TASK ITEM:
The records below are to be returned exactly as written, minus their pictures.

EXERCISE DATA:
BEGIN

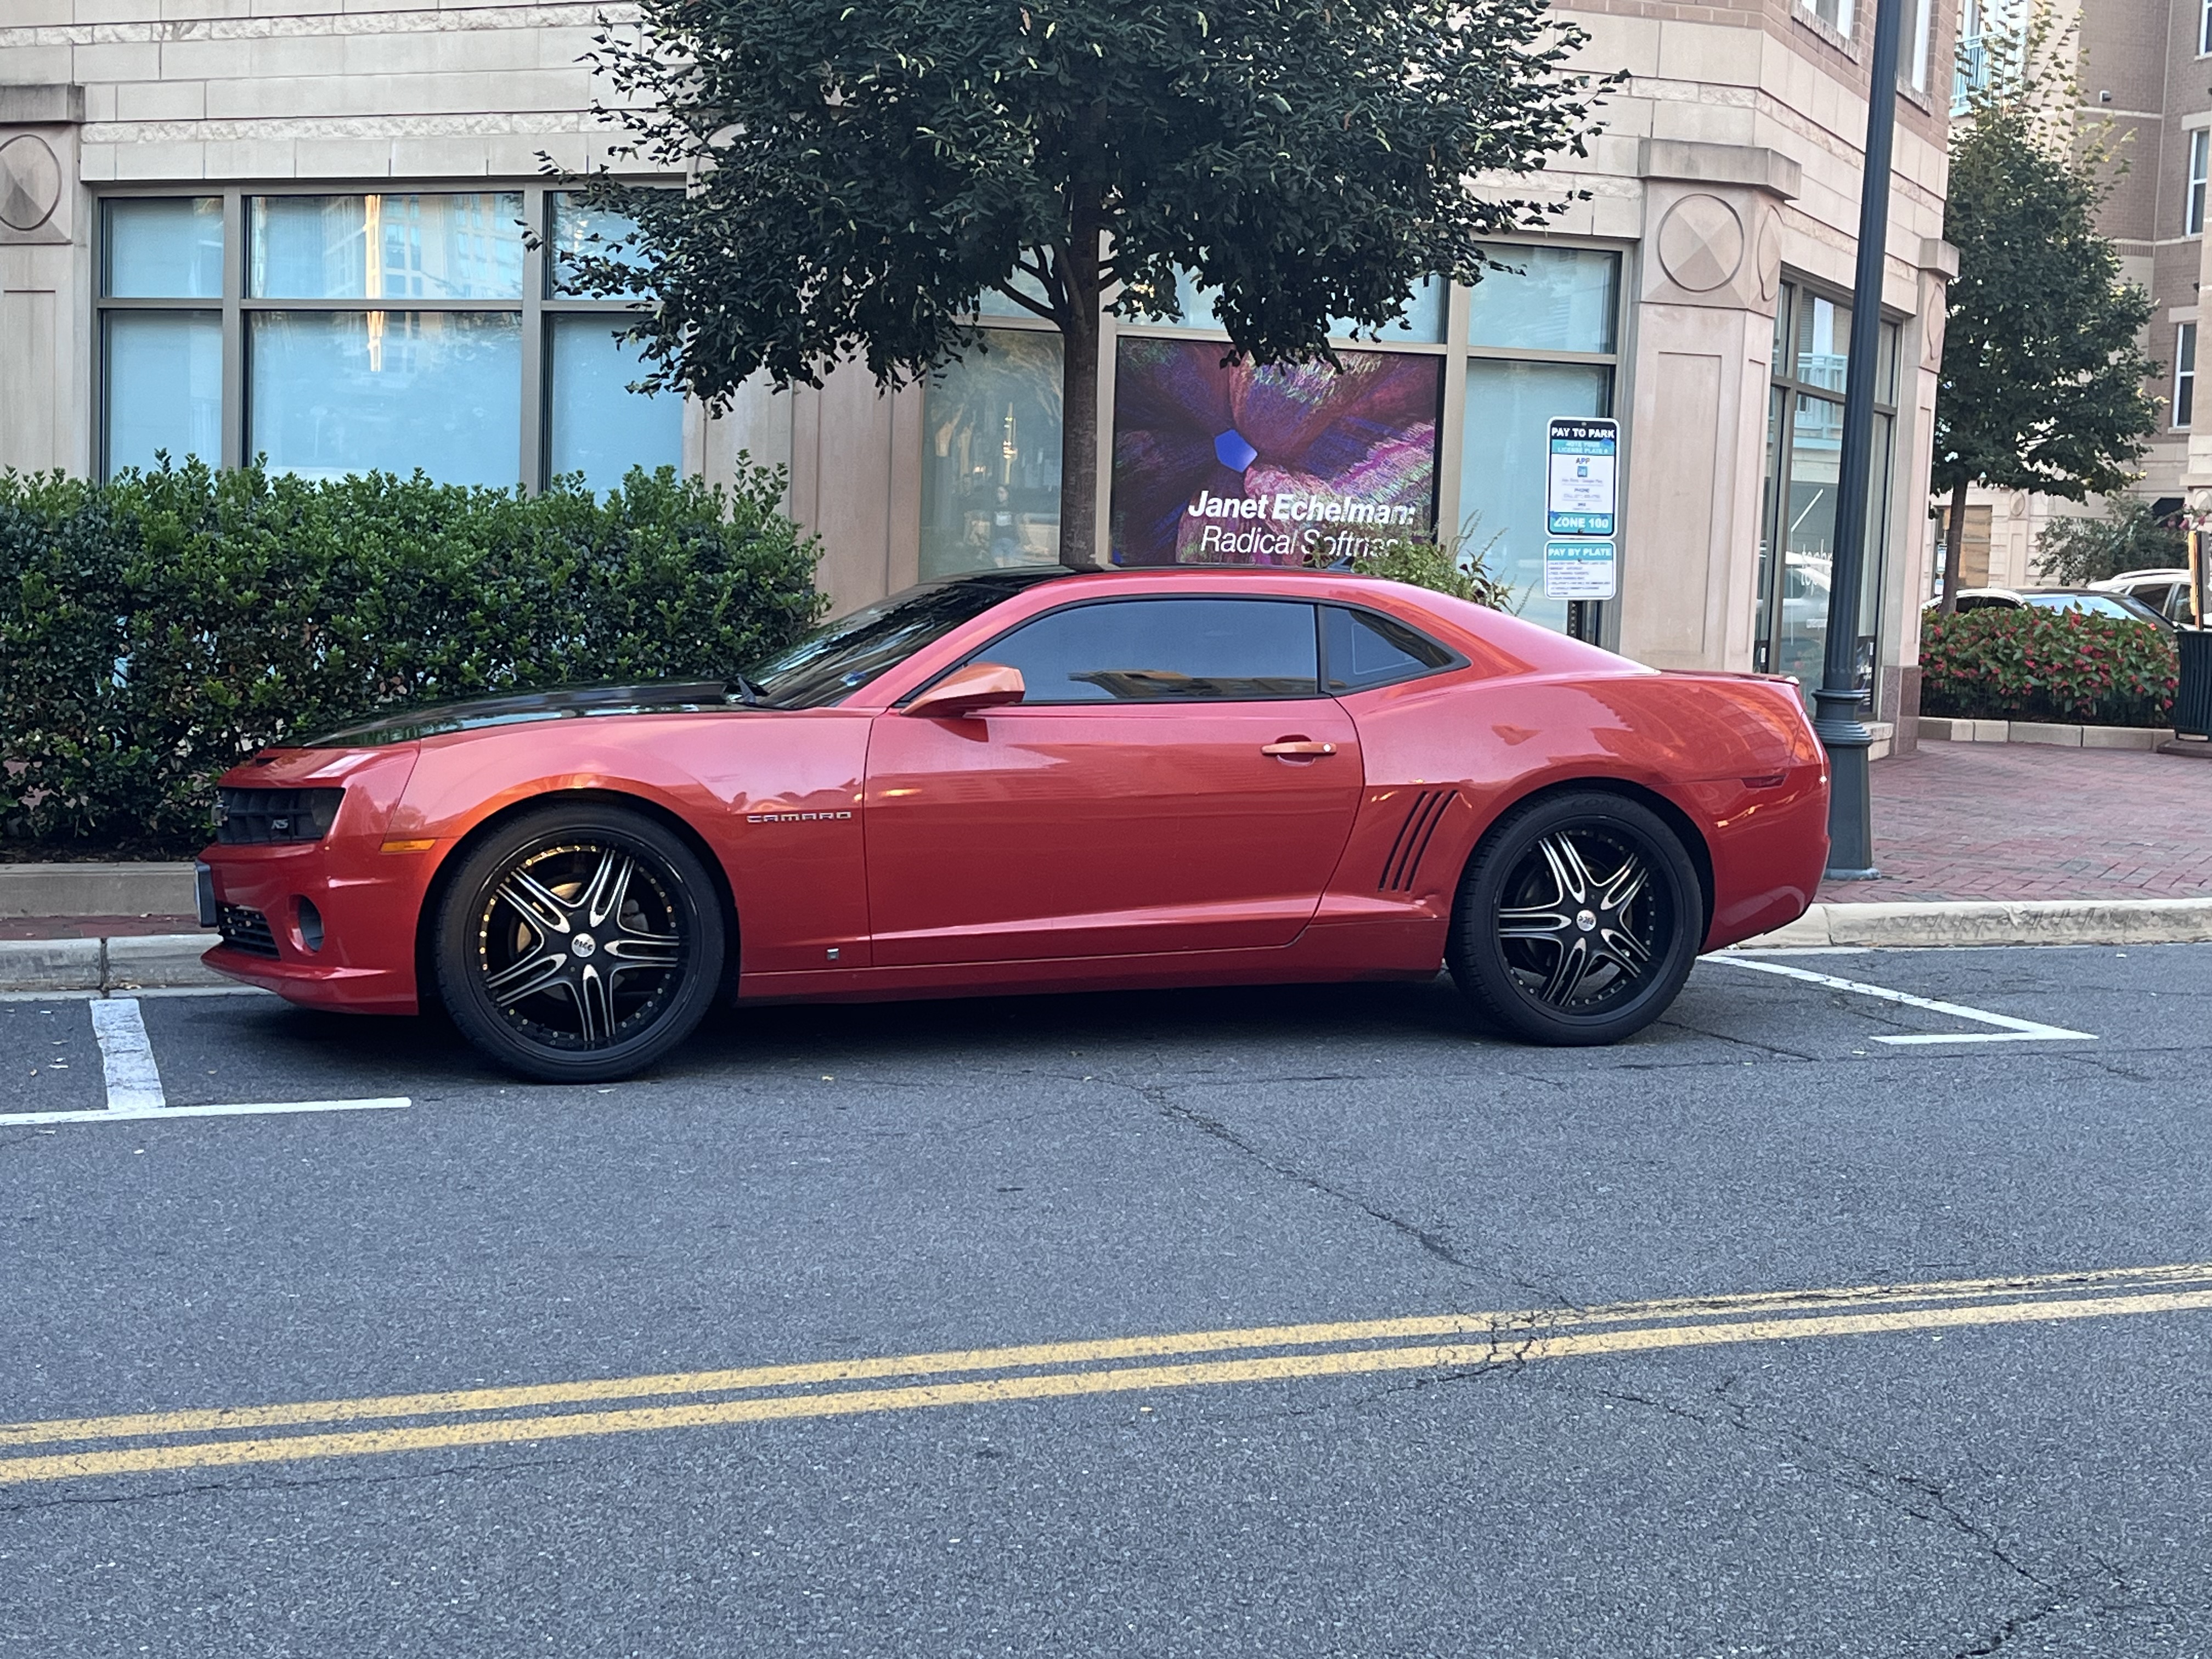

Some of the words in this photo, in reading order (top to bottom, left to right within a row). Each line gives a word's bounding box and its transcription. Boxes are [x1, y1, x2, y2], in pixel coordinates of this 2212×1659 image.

[1551, 427, 1570, 437] PAY
[1572, 428, 1586, 437] TO
[1588, 428, 1615, 438] PARK
[1188, 490, 1269, 520] Janet
[1272, 493, 1415, 525] Echelman:
[1554, 517, 1585, 528] ZONE
[1589, 518, 1609, 528] 100
[1200, 525, 1298, 555] Radical
[1548, 548, 1566, 556] PAY
[1568, 548, 1581, 556] BY
[1583, 548, 1612, 556] PLATE
[746, 811, 851, 823] CAMARO
[271, 819, 289, 830] RS

END

RESPONSE TO THE EXERCISE:
Some of the words in this photo, in reading order (top to bottom, left to right within a row). Each line gives a word's bounding box and its transcription. Boxes are [x1, y1, x2, y2], in pixel coordinates of this 2212×1659 image.

[1551, 427, 1570, 437] PAY
[1572, 428, 1586, 437] TO
[1588, 428, 1615, 438] PARK
[1188, 490, 1269, 520] Janet
[1272, 493, 1415, 525] Echelman:
[1554, 517, 1585, 528] ZONE
[1589, 518, 1609, 528] 100
[1200, 525, 1298, 555] Radical
[1548, 548, 1566, 556] PAY
[1568, 548, 1581, 556] BY
[1583, 548, 1612, 556] PLATE
[746, 811, 851, 823] CAMARO
[271, 819, 289, 830] RS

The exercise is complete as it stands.